▸ **PROVIDED RECORDS**
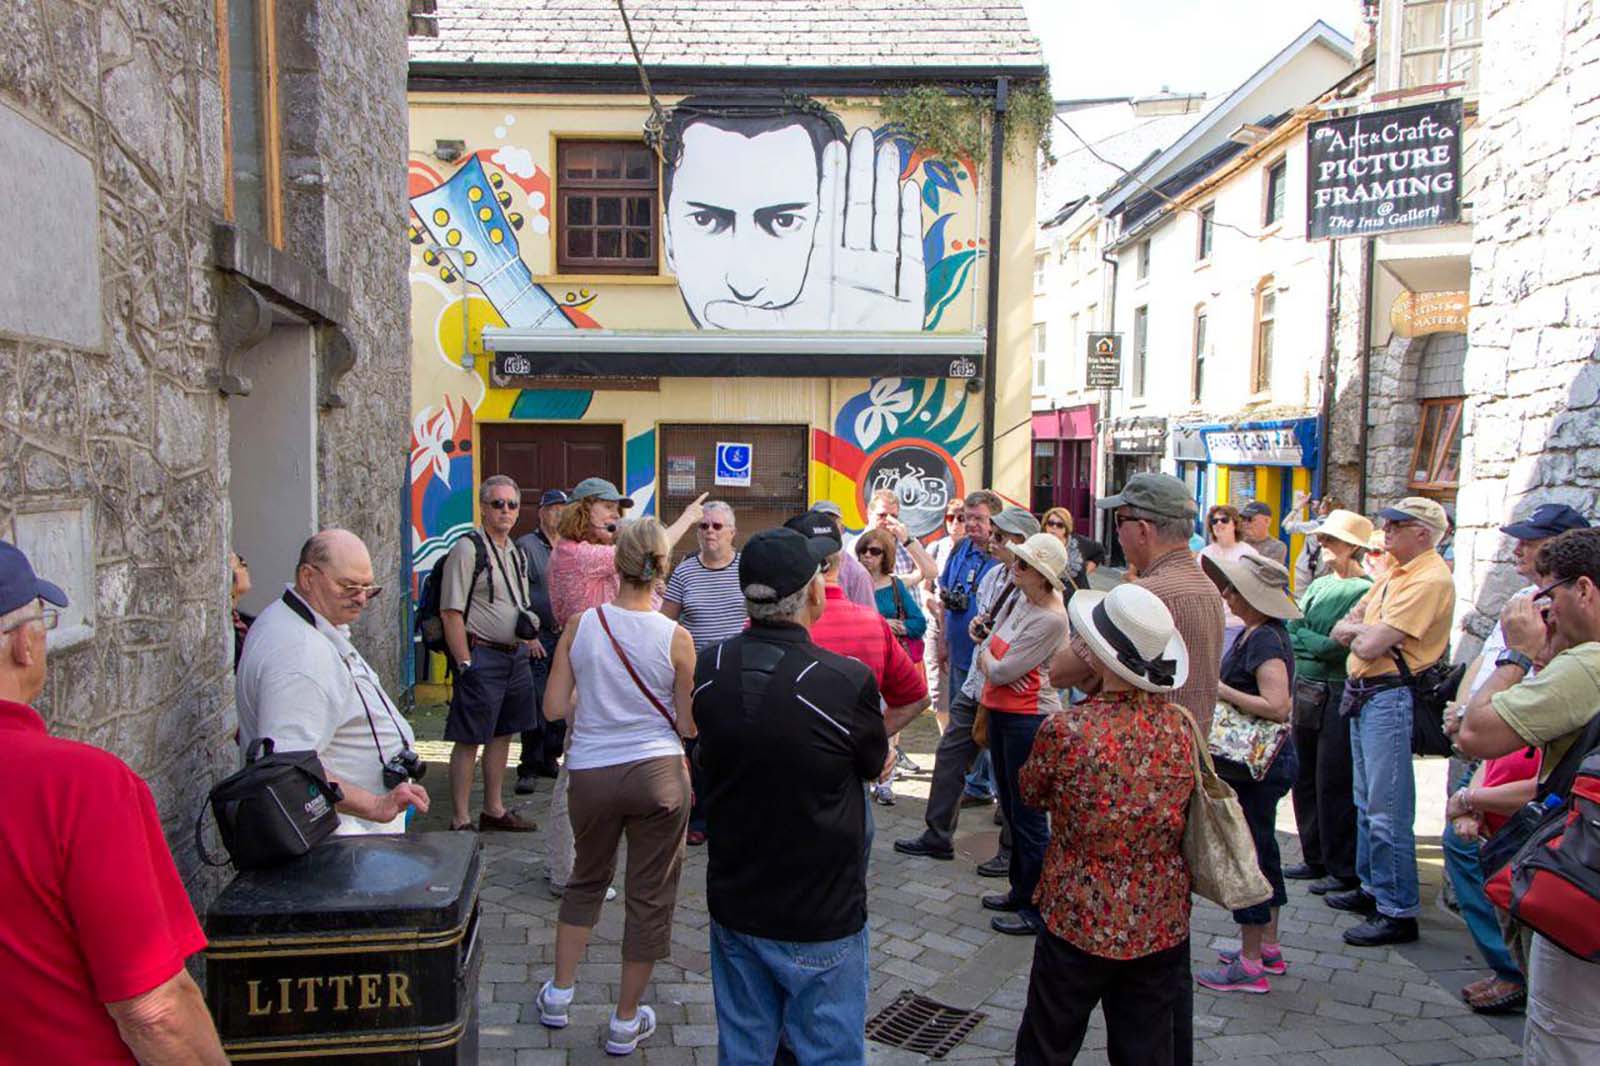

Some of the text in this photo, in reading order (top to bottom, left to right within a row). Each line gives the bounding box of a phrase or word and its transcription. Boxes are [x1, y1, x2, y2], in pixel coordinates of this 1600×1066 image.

[1318, 145, 1450, 182] PICTURE
[1314, 172, 1454, 208] FRAMING
[1329, 216, 1354, 229] The
[1388, 204, 1441, 226] Gallery
[1377, 201, 1394, 216] @
[248, 972, 413, 1016] LITTER
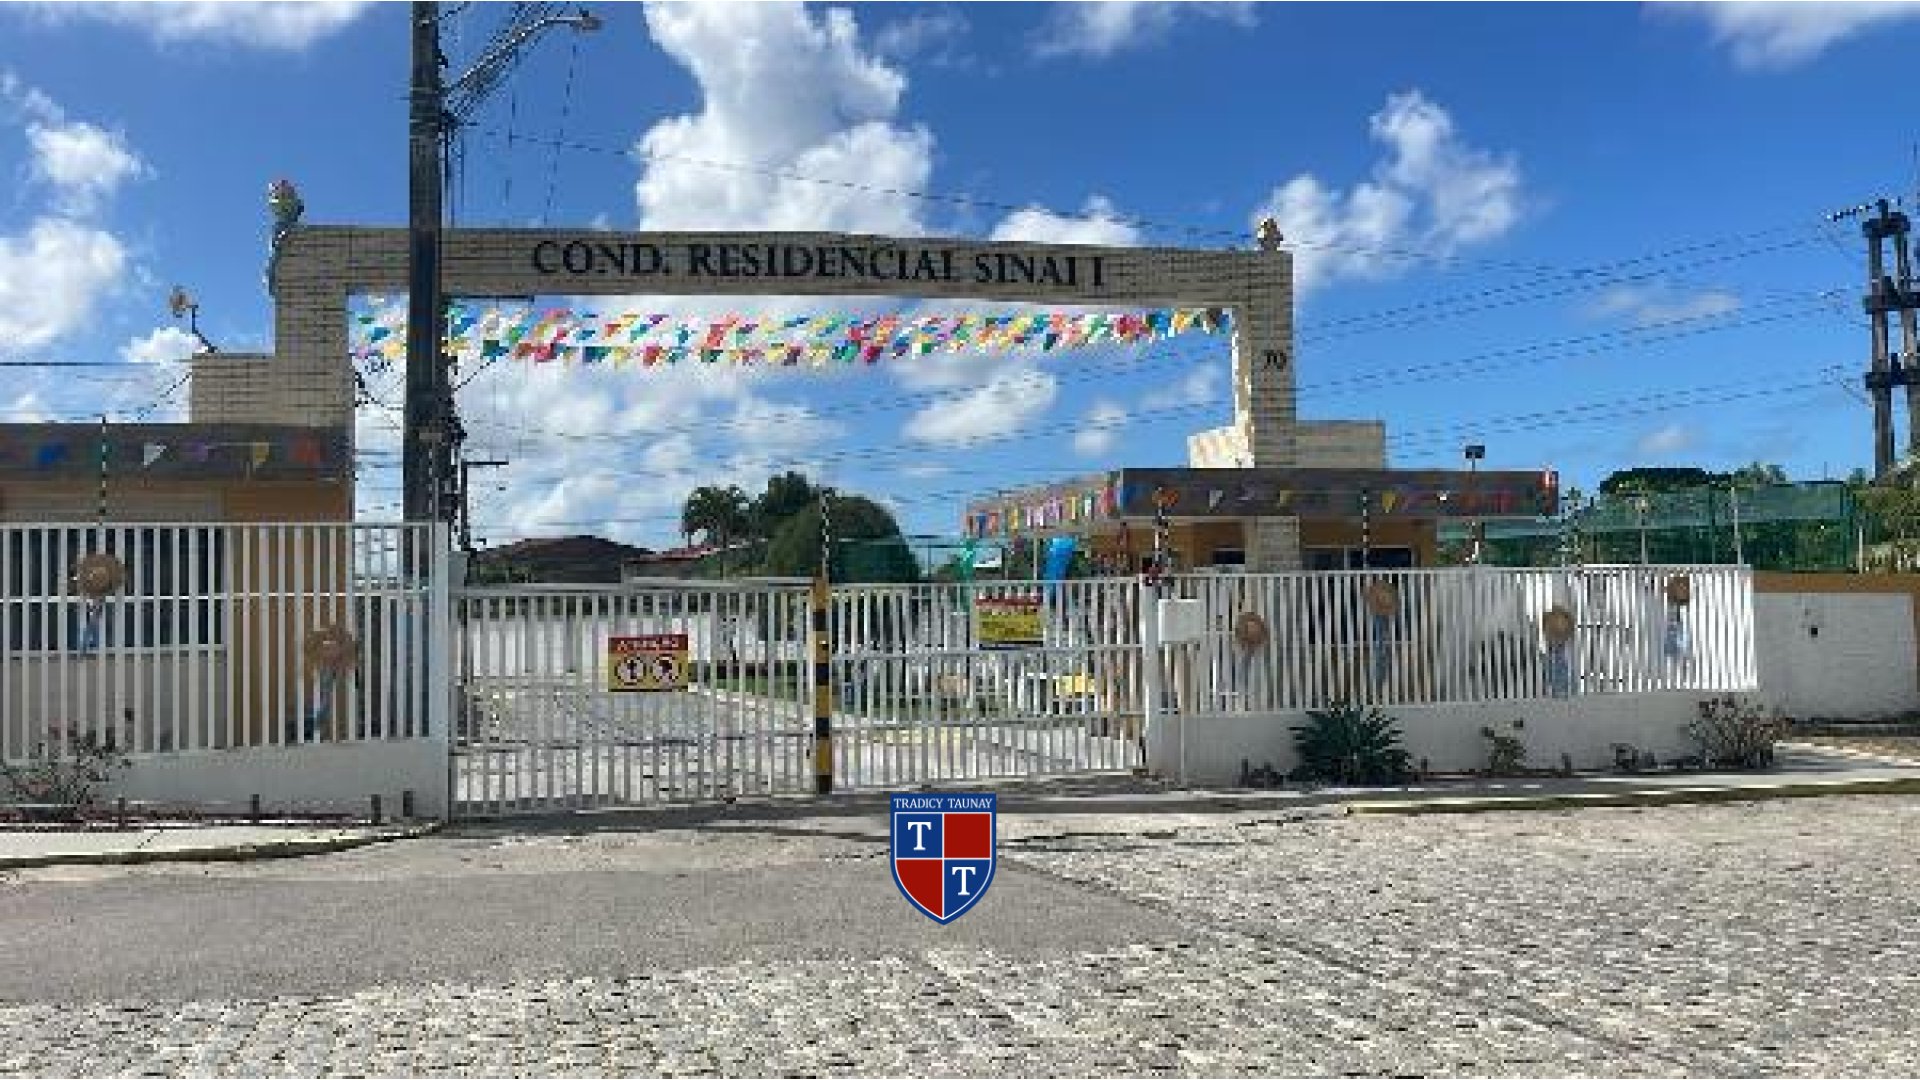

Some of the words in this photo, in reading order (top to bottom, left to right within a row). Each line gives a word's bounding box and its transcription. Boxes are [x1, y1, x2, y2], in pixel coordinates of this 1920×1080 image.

▸ **EXERCISE BRIEF**
Although the records contain pictures, only the text should be copied, exactly as it stands.

▸ **SOLUTION TO THIS TASK**
Some of the text in this photo, in reading order (top to bottom, left to right within a row). Each line gives the bounding box of a phrase or word and its transcription. Boxes are [x1, y1, x2, y2], in pixel coordinates of this 1600×1066 image.

[1318, 145, 1450, 182] PICTURE
[1314, 172, 1454, 208] FRAMING
[1329, 216, 1354, 229] The
[1388, 204, 1441, 226] Gallery
[1377, 201, 1394, 216] @
[248, 972, 413, 1016] LITTER

Some of the words in this photo, in reading order (top to bottom, left to right within a row). Each line gives a word's bounding box and its transcription. Boxes are [x1, y1, x2, y2], in pixel coordinates of this 1920×1080 image.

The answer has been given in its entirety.